TASK TO COMPLETE: Pictures aside, repeat all the entries below exactly as they appear.

RECORDS SUPPLIED:
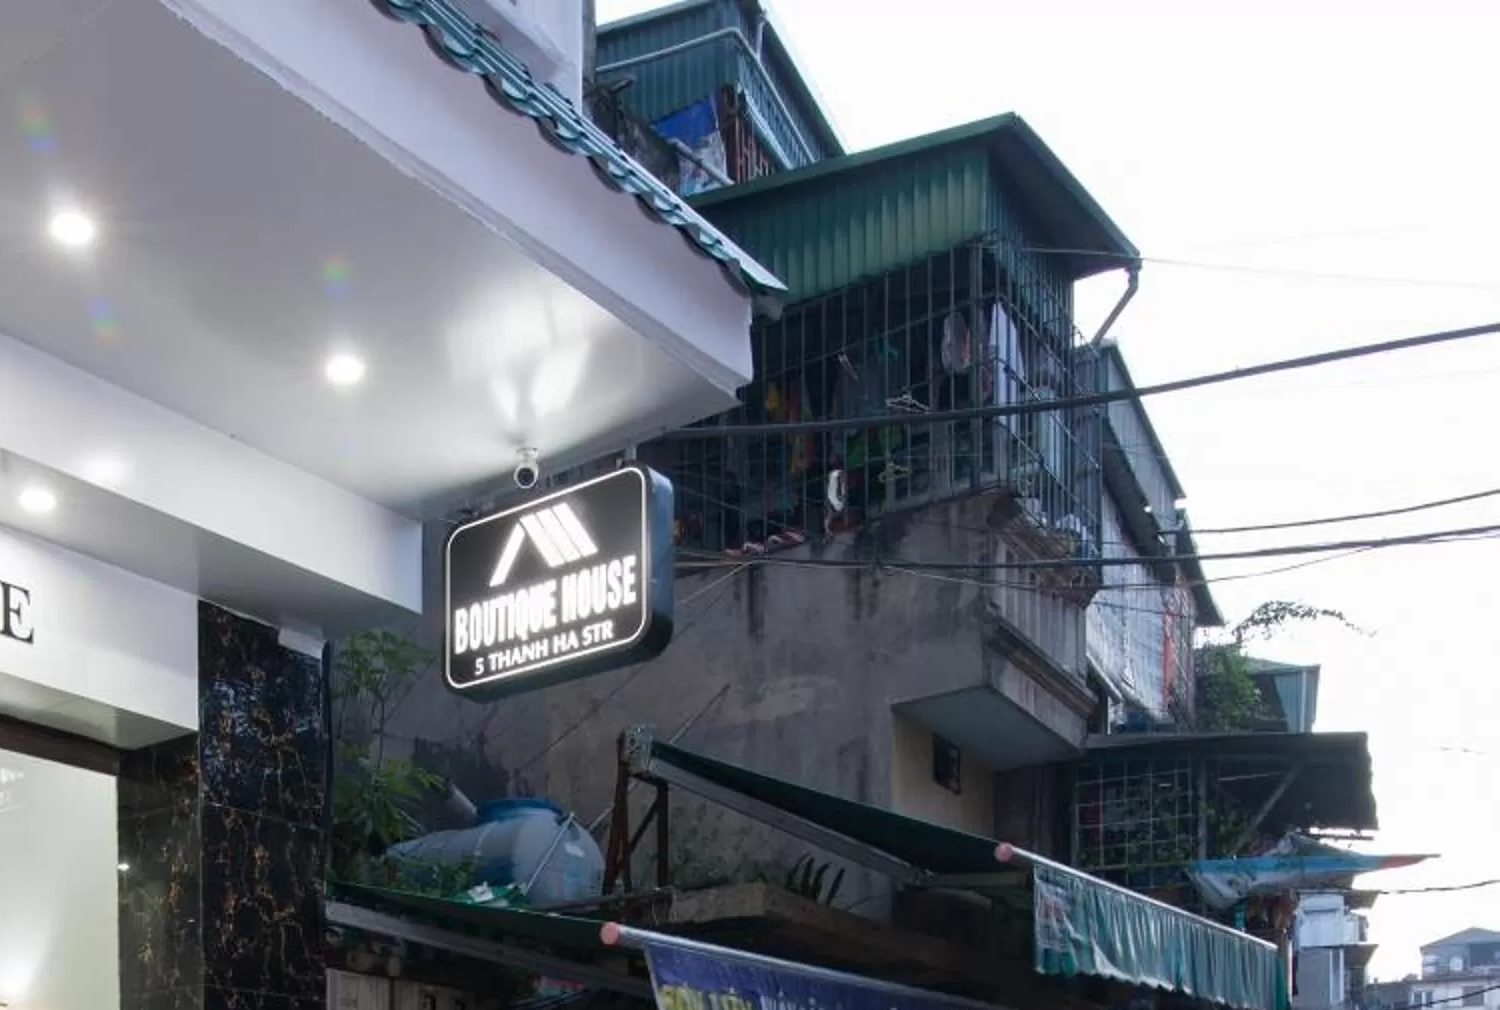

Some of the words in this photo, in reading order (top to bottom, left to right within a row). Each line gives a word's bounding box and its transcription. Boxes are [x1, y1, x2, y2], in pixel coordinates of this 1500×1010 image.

[454, 580, 557, 654] BOUTIQUE
[561, 554, 637, 623] HOUSE
[474, 657, 485, 676] 5
[489, 637, 549, 673] THANH
[552, 633, 579, 654] HA
[582, 620, 614, 648] STR
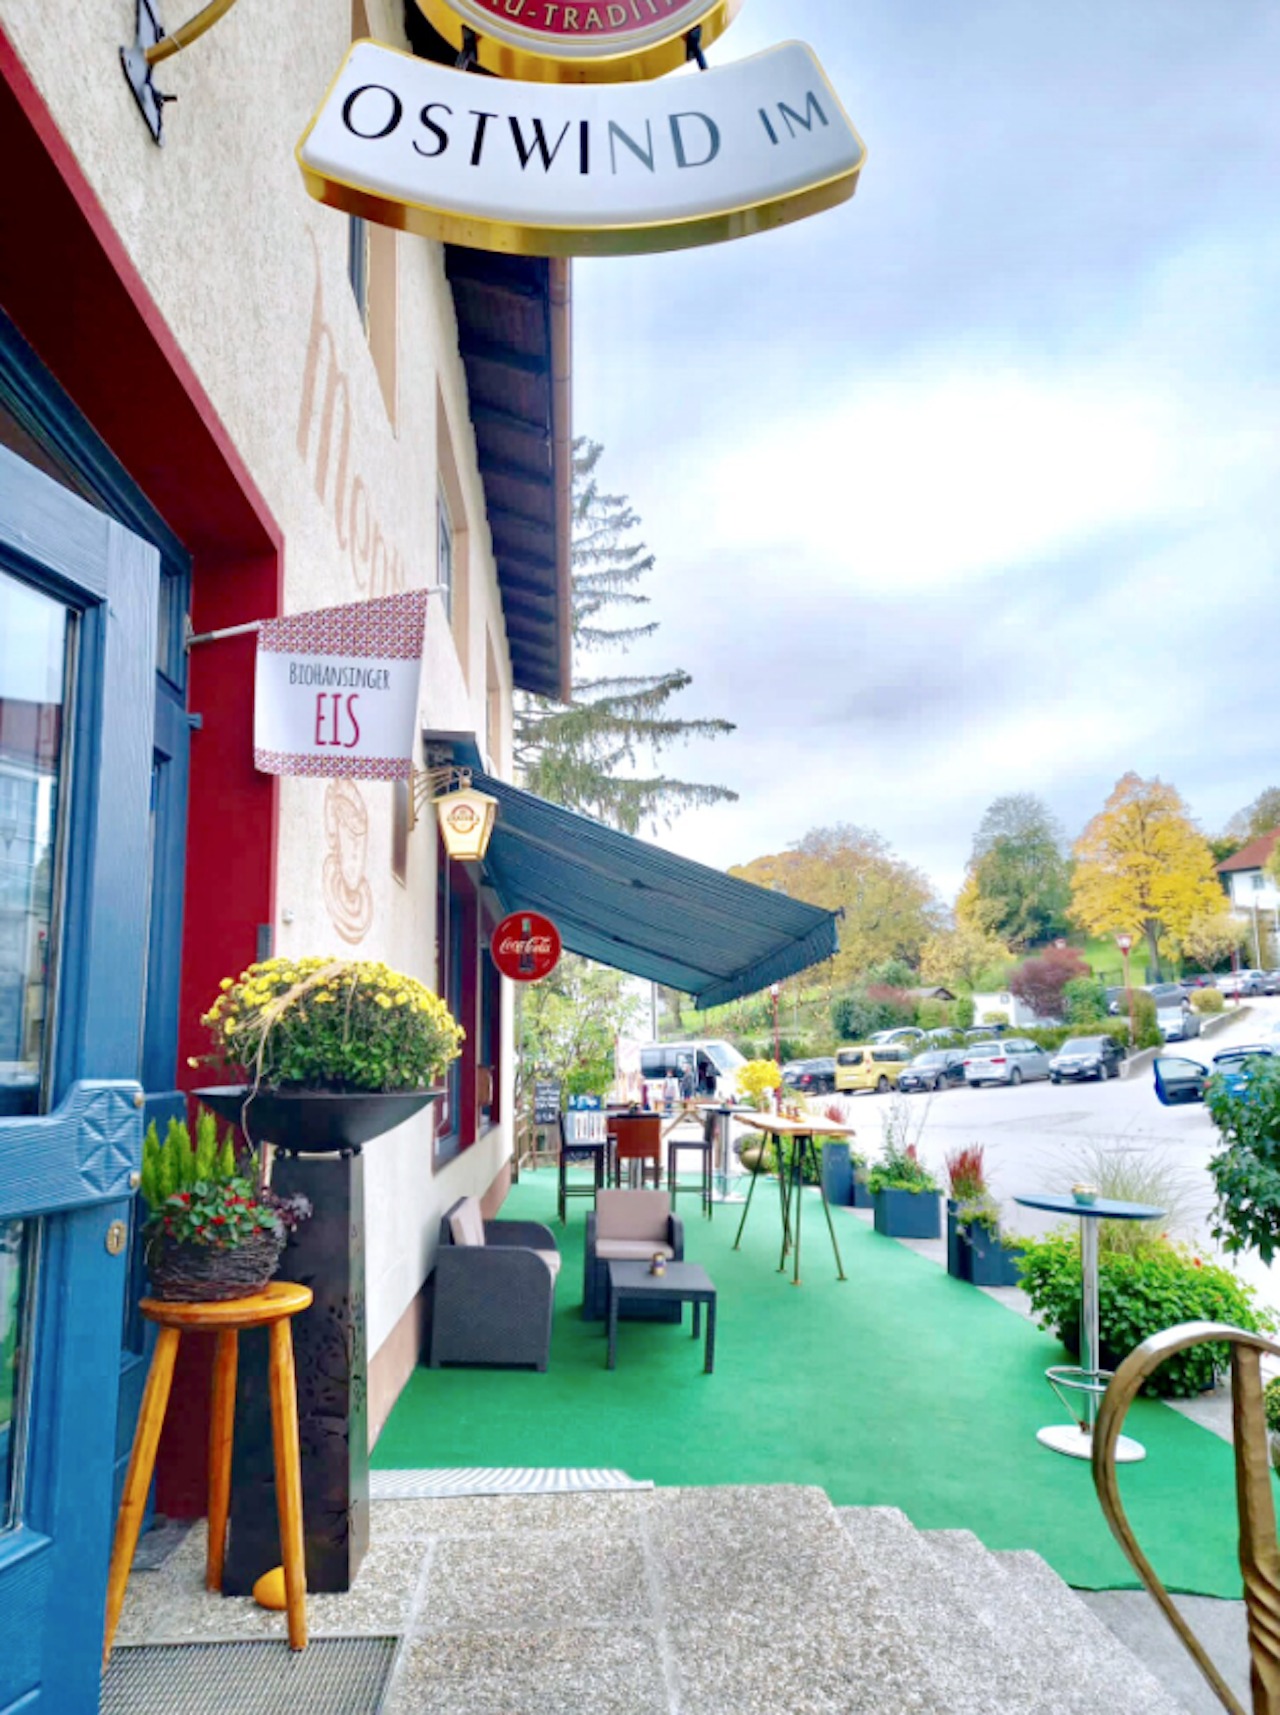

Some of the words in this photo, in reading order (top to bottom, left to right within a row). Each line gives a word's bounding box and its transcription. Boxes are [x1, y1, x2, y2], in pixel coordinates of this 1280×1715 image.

[341, 84, 721, 175] OSTWIND
[758, 90, 829, 146] IM
[289, 661, 390, 690] BIOHANSINGER
[315, 692, 360, 748] EIS
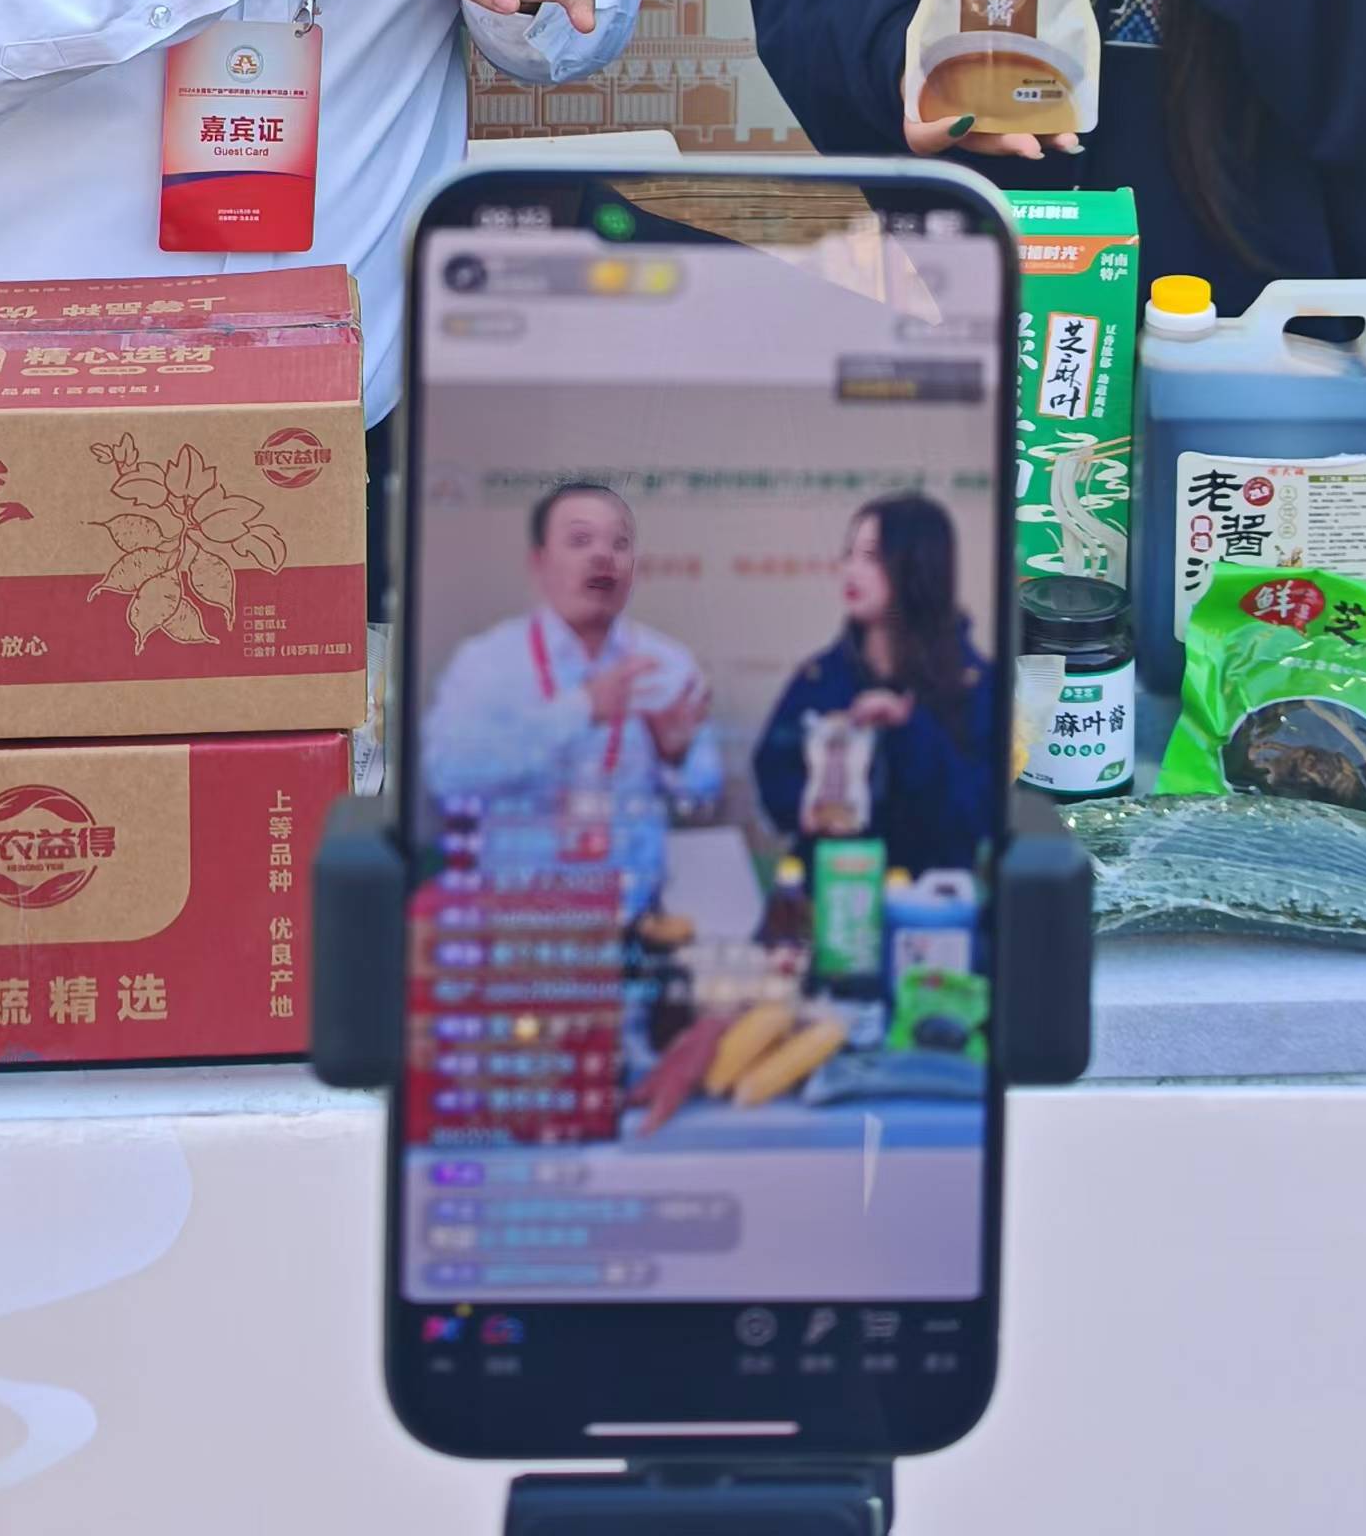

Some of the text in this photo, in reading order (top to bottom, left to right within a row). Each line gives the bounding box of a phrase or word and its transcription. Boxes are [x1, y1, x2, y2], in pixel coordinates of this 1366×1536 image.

[199, 115, 285, 143] 嘉宾证
[213, 146, 270, 158] Guest Card
[24, 344, 215, 365] 精心选材
[1053, 704, 1127, 738] 麻叶酱
[269, 790, 294, 1019] 上等品种 优良产地

SOLUTION BELOW:
Some of the words in this photo, in reading order (top to bottom, left to right within a row). Each line gives a word's bounding box and its transcription. Boxes are [x1, y1, x2, y2], in pixel coordinates of this 1500×1010 image.

[454, 580, 557, 654] BOUTIQUE
[561, 554, 637, 623] HOUSE
[474, 657, 485, 676] 5
[489, 637, 549, 673] THANH
[552, 633, 579, 654] HA
[582, 620, 614, 648] STR

Some of the words in this photo, in reading order (top to bottom, left to right within a row). Each line gives a word's bounding box and its transcription. Boxes are [x1, y1, x2, y2], in pixel coordinates of this 1280×1715 image.

[341, 84, 721, 175] OSTWIND
[758, 90, 829, 146] IM
[289, 661, 390, 690] BIOHANSINGER
[315, 692, 360, 748] EIS

Some of the text in this photo, in reading order (top to bottom, left to right within a row). Each line gives the bounding box of a phrase or word and its transcription. Boxes are [x1, y1, x2, y2], in pixel coordinates of this 1366×1536 image.

[199, 115, 285, 143] 嘉宾证
[213, 146, 270, 158] Guest Card
[24, 344, 215, 365] 精心选材
[1053, 704, 1127, 738] 麻叶酱
[269, 790, 294, 1019] 上等品种 优良产地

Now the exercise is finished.